クラスのみんなの気合いを入れるために、檄を飛ばします。
中条君がこの場にいないので全員ではないのですが、生徒会のお仕事なのですからしょうがないですよね。
「うおおおおおおおおおおおおおおお!!」
私の掛け声に全力で以って応えてくれるA組のみんな。
でも、なんかちょっと……。
「うおおおおおおおおしっ!! うおおおおおおおおおおおっしぃぃぃぃっ!!」
「っしゃあああああああ!! だらっしゃあああああああ!!」
「うおっしゃああああああああああ!! るおっしゃあああああああああああああ!!」
ちょっというか……。
「ああああああああああああああああああ!! たぎってきたぁぁぁぁ!!」
「負けてたまるか!! たまるもんかぁぁぁぁ!!」
……。
かなりみんなのテンションがおかしい。
負けてたまるかって、誰に?
★
文化祭開始のぎりぎりまでクラスのみんなと過ごし、教員室へと戻ってきました。
けど、なにか様子が変です。文化祭は無事にスタートを切れたはずなのに、教員室がざわざわとしています。

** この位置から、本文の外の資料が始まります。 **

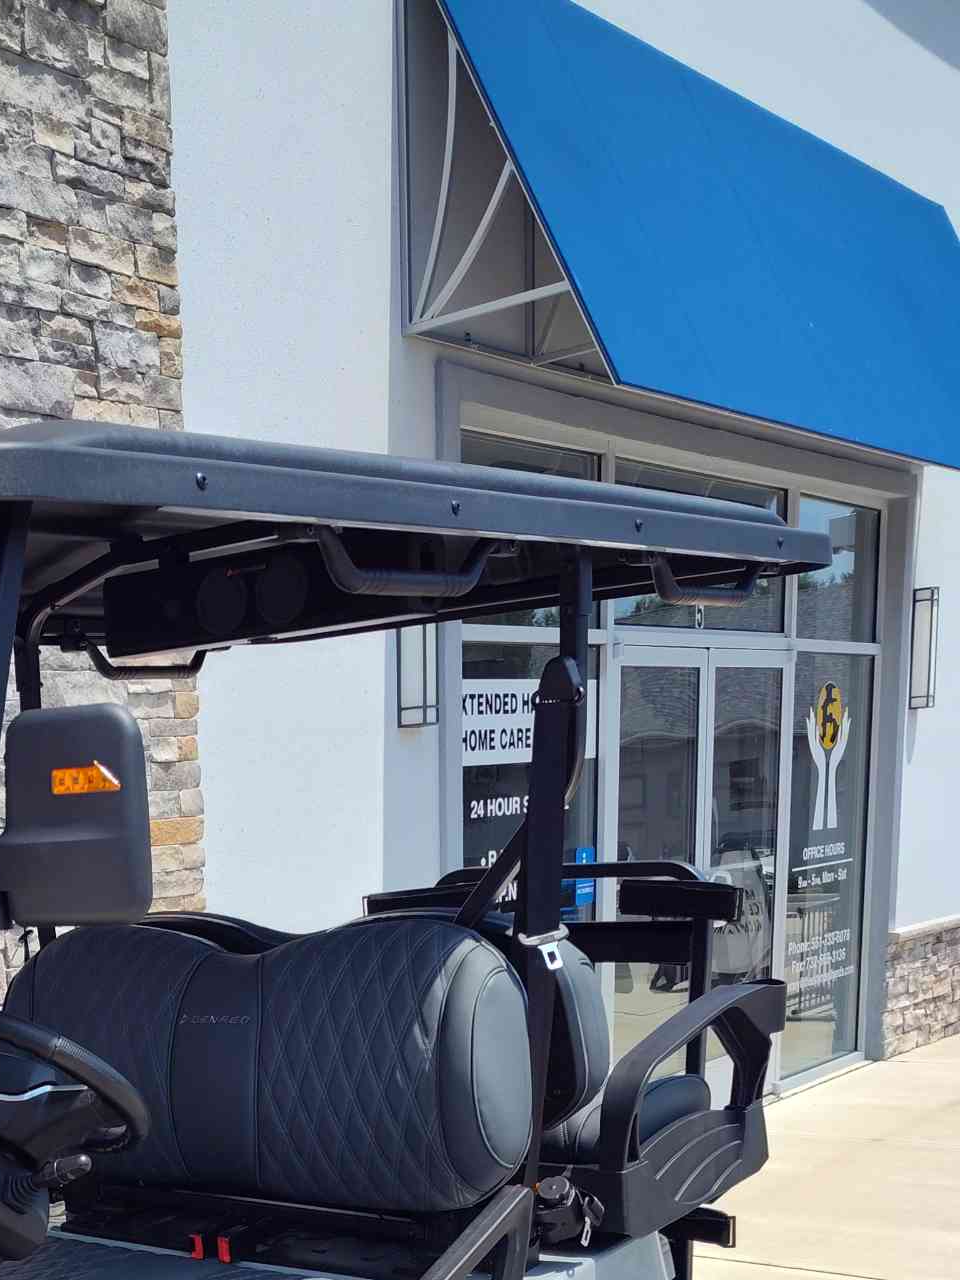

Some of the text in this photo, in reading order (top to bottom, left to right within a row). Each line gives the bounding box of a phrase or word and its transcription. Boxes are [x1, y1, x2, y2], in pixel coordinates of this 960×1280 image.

[500, 727, 532, 750] CARE
[470, 799, 485, 819] 24
[487, 796, 521, 817] HOUR
[803, 842, 846, 860] OFFICE HOURS

「どうやら、生徒会館の会議室にある窓ガラスが破損したようでして」
「えええええええっ!?」
思わず大声をあげてしまいました。
生徒会館の窓ガラスが割れた!?
なんで!?
午前10時。
無事に文化祭が始まったことに安堵していたところで、凶報です。
教頭先生が今、電話で詳しい情報を聞いているようなのですが、どういうことなのでしょう。生徒会のみなさんは、みんなみんな模範的な生徒さんなので普通はそんなことありえないはずなんですが。

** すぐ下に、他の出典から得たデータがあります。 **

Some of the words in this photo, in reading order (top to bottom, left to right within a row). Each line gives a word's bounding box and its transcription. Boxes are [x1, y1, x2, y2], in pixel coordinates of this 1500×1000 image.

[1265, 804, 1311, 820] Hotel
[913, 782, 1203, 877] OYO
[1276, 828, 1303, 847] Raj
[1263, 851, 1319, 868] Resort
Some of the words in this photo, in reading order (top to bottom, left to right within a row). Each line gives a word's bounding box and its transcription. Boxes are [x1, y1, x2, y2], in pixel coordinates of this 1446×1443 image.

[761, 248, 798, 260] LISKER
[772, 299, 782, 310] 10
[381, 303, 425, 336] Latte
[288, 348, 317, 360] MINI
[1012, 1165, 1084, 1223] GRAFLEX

教頭先生が受話器を置き、重苦しいため息を吐きながら椅子に座りました。
みんなの視線が教頭先生に向かいます。
「……どうやら外からおもちゃを投げ込まれたらしく、それで破損したようだ。容疑者は既に確保済み。これから御堂君がこちらへ連れてきてくれるらしい。長瀬君、指導室を開けておいてくれたまえ」
「分かりました」
指示された長瀬先生が素早く教員室を後にします。
「ほらほら。もう済んだことです。生徒会の面々が解決してくれたのですから。みなさん、各自仕事に戻ってください。私たちのせいで文化祭が失敗した、なんてことは許しませんからね」
手を叩き、教頭先生が集まっていた先生たちを散らせます。
先生たちも難しい顔をしながらも、徐々に自分の席に戻ったり、教員室を出て行ったりと行動を始めました。
それにしても。
おもちゃを投げ込まれた? いたずら? このタイミングで?
……中条君は大丈夫でしょうか。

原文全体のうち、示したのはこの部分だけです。